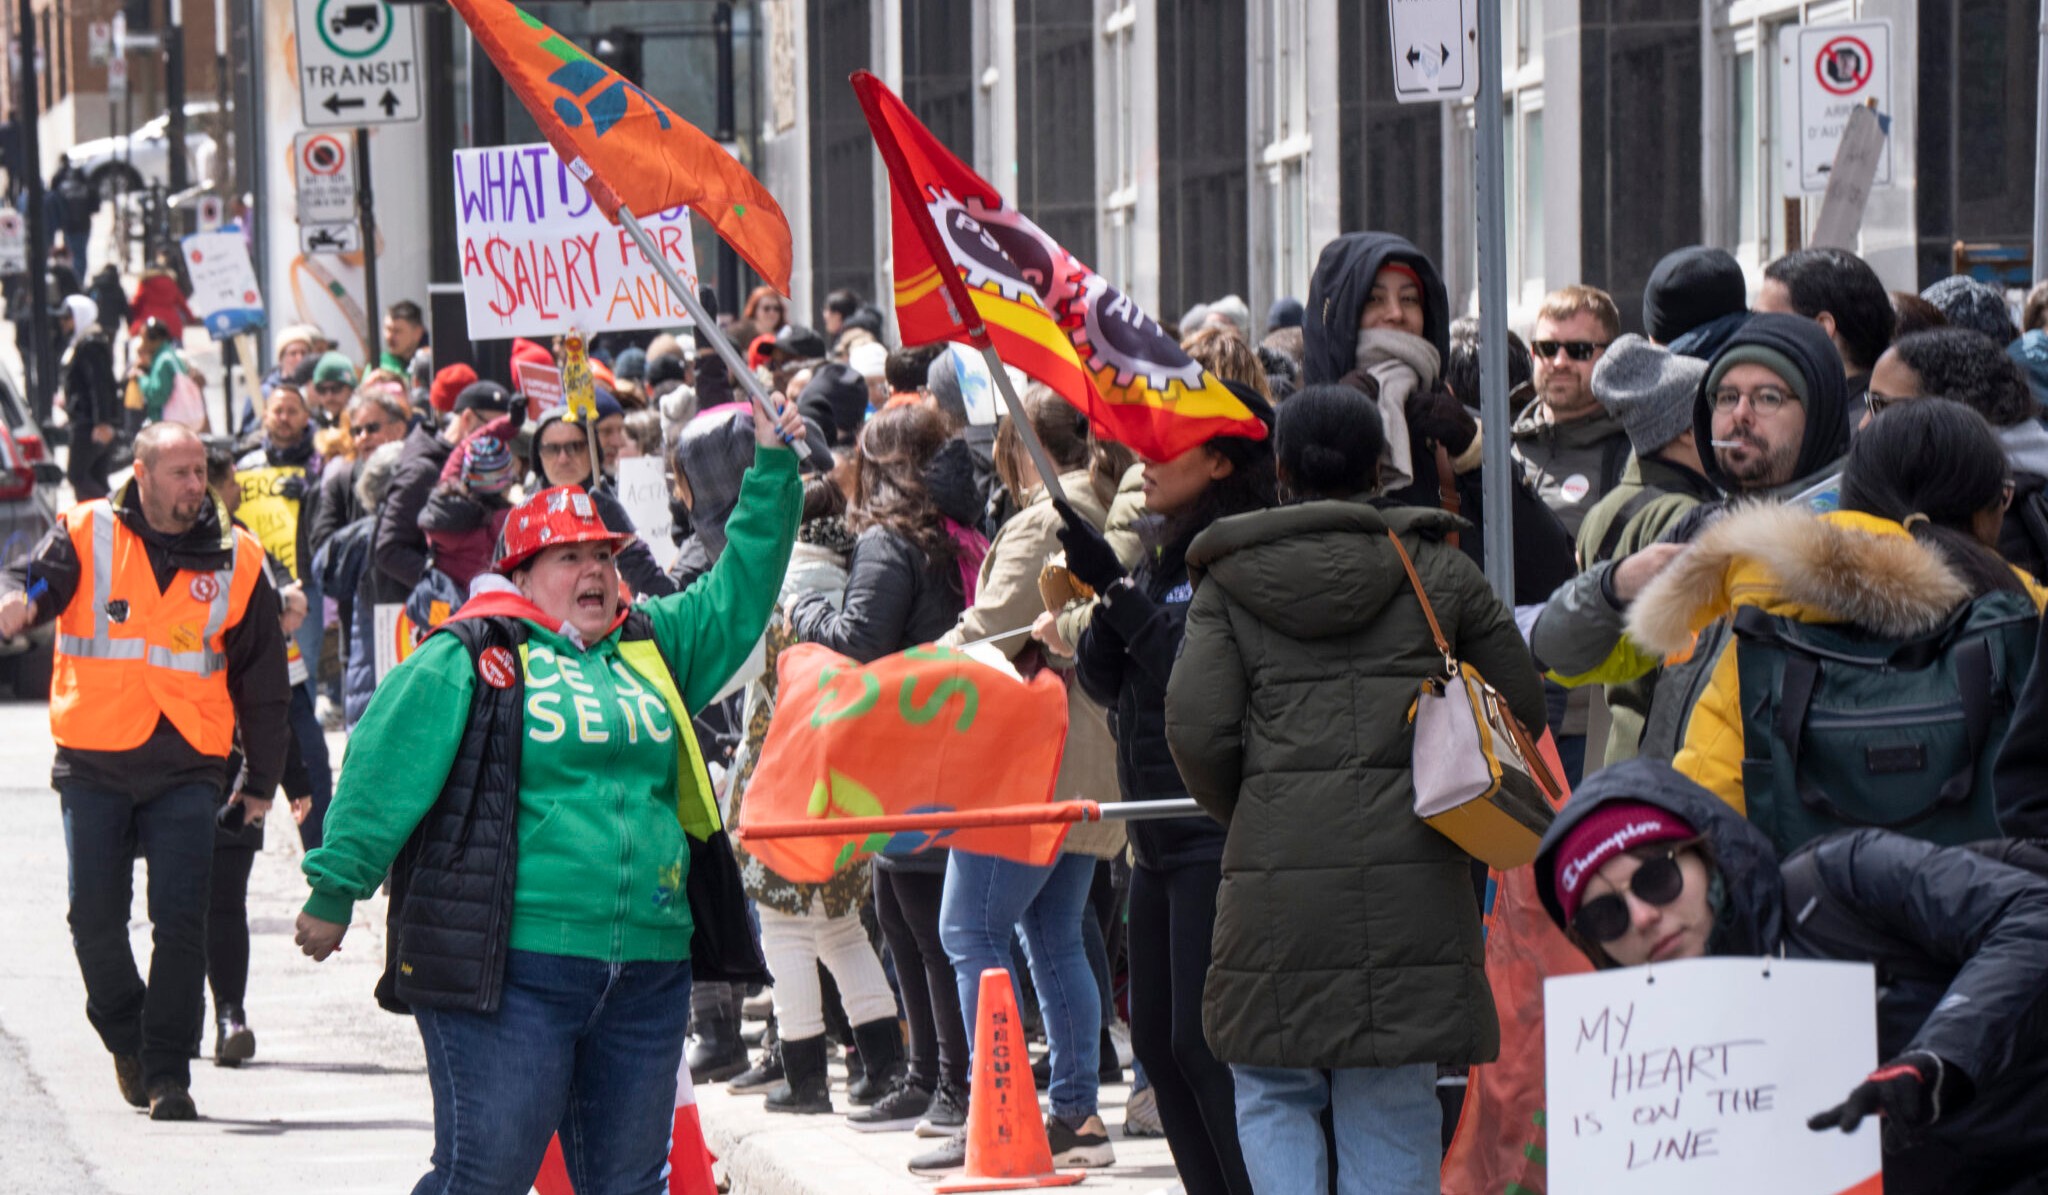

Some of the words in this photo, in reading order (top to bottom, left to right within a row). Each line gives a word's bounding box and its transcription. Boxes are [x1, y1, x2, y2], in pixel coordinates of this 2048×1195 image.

[306, 61, 412, 87] TRANSIT
[456, 148, 549, 224] WHAT
[464, 237, 483, 276] A
[528, 691, 672, 743] SEIC
[1562, 821, 1661, 892] Champion
[1575, 1001, 1634, 1057] MY
[1611, 1037, 1767, 1101] HEART
[1573, 1112, 1602, 1138] IS
[1632, 1096, 1680, 1126] ON
[1706, 1083, 1776, 1115] THE
[1626, 1128, 1719, 1171] LINE
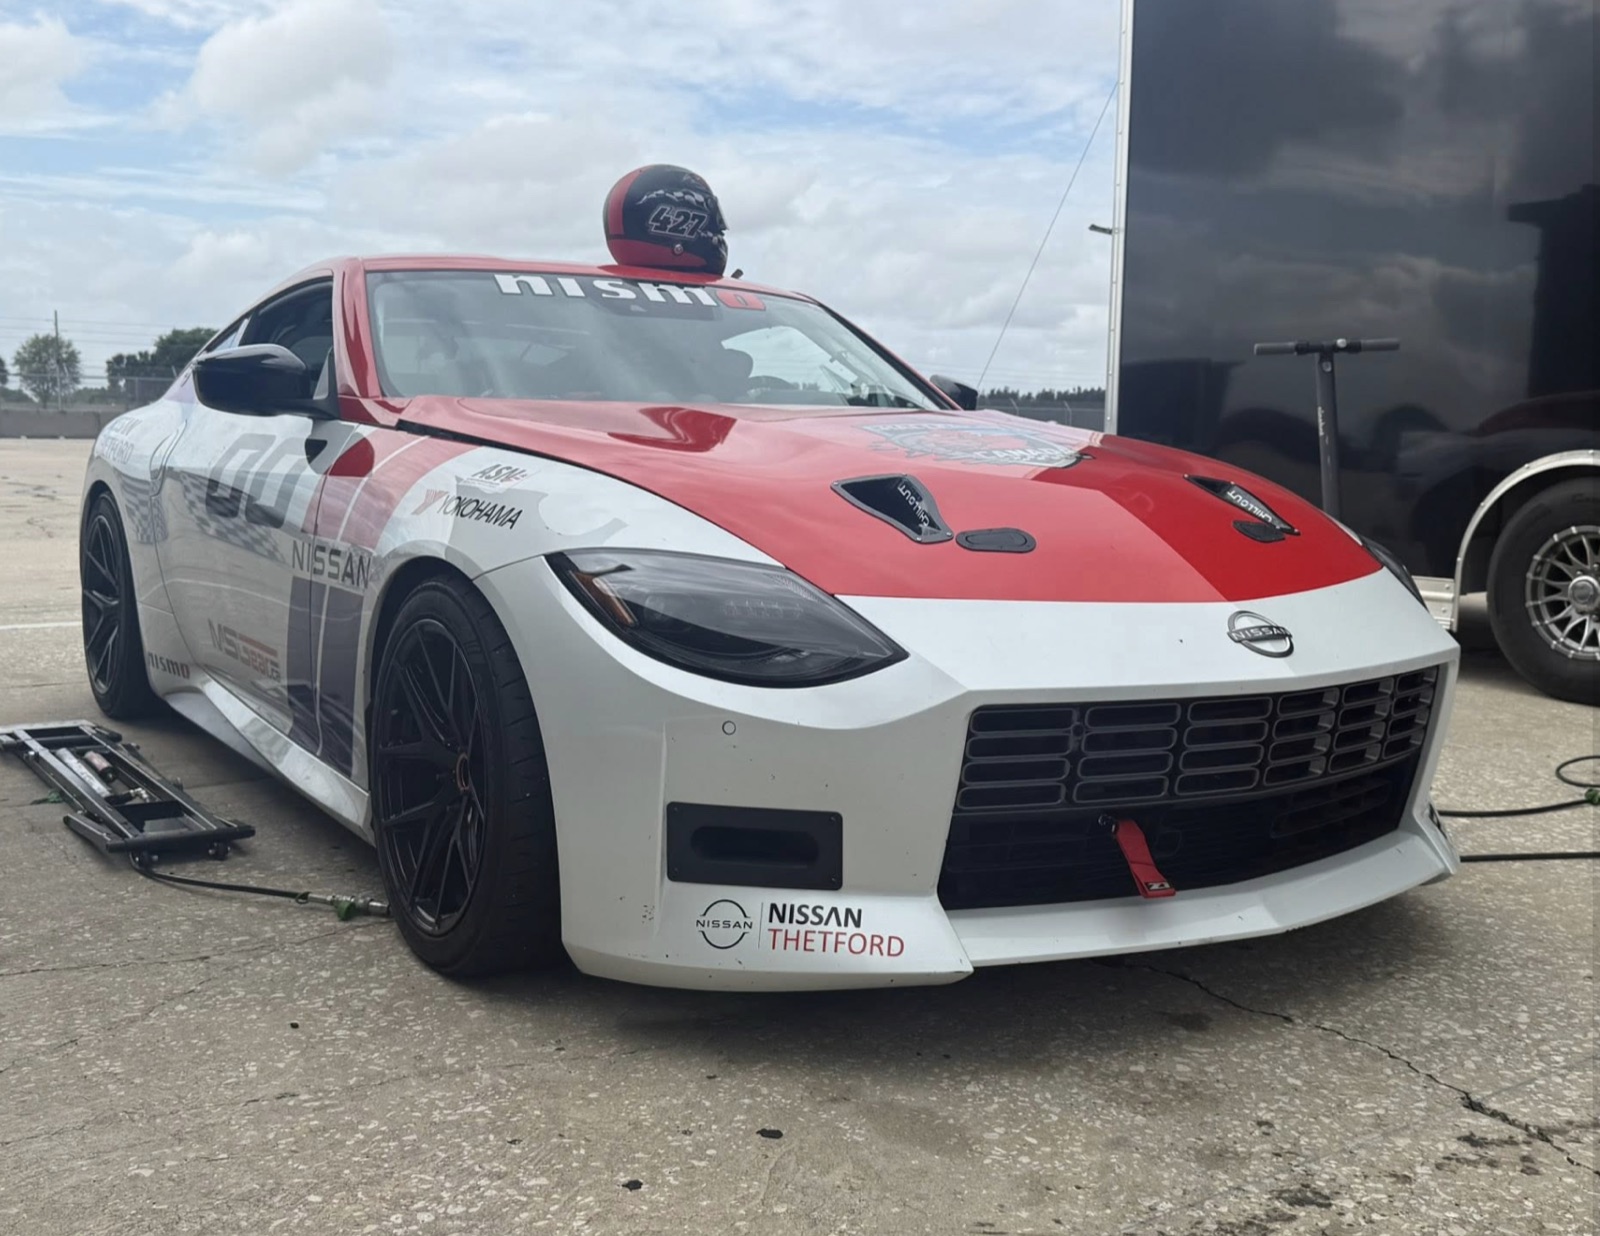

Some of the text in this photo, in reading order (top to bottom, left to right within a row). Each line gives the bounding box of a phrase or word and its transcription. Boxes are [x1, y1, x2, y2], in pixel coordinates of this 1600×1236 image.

[648, 205, 708, 239] 427
[494, 274, 767, 311] nismo
[437, 494, 523, 530] YOKOHAMA
[292, 540, 371, 589] NISSAN
[696, 919, 753, 930] NISSAN
[768, 903, 862, 928] NISSAN
[768, 928, 905, 957] THETFORD
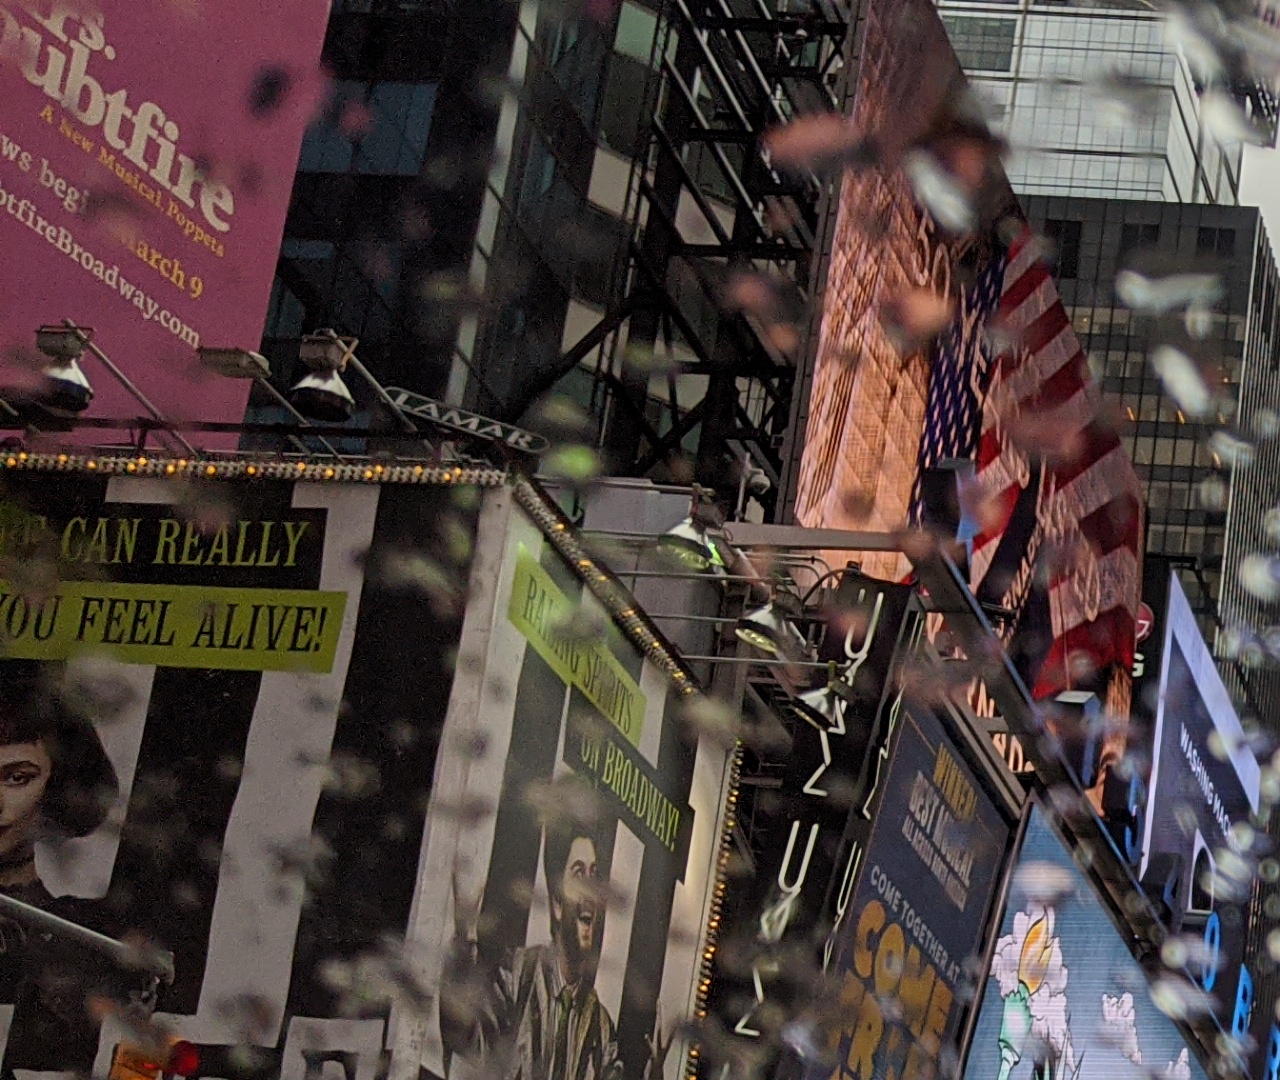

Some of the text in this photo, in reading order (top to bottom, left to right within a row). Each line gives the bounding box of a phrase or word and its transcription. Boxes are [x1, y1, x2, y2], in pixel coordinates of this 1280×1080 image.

[38, 157, 92, 218] begi
[189, 276, 204, 299] 9
[61, 516, 143, 564] CAN
[151, 518, 311, 567] REALLY
[76, 597, 178, 646] FEEL
[190, 602, 329, 652] ALIVE!
[602, 740, 682, 854] BROADWAY!
[909, 769, 941, 834] BEST
[1180, 721, 1214, 806] WASHING
[870, 865, 901, 912] COME
[901, 900, 948, 968] TOGETHER

**What is required**. Word-for-word restatement: every line from the one with "this 1600×1236 image." through the final line of the data, both ends included, pictures excluded.

**Answer to this task**.
Some of the text in this photo, in reading order (top to bottom, left to right within a row). Each line gives the bounding box of a phrase or word and its transcription. Boxes are [x1, y1, x2, y2], in pixel coordinates of this 1600×1236 image.

[648, 205, 708, 239] 427
[494, 274, 767, 311] nismo
[437, 494, 523, 530] YOKOHAMA
[292, 540, 371, 589] NISSAN
[696, 919, 753, 930] NISSAN
[768, 903, 862, 928] NISSAN
[768, 928, 905, 957] THETFORD

Some of the text in this photo, in reading order (top to bottom, left to right within a row). Each line gives the bounding box of a phrase or word and its transcription. Boxes are [x1, y1, x2, y2], in pixel coordinates of this 1280×1080 image.

[38, 157, 92, 218] begi
[189, 276, 204, 299] 9
[61, 516, 143, 564] CAN
[151, 518, 311, 567] REALLY
[76, 597, 178, 646] FEEL
[190, 602, 329, 652] ALIVE!
[602, 740, 682, 854] BROADWAY!
[909, 769, 941, 834] BEST
[1180, 721, 1214, 806] WASHING
[870, 865, 901, 912] COME
[901, 900, 948, 968] TOGETHER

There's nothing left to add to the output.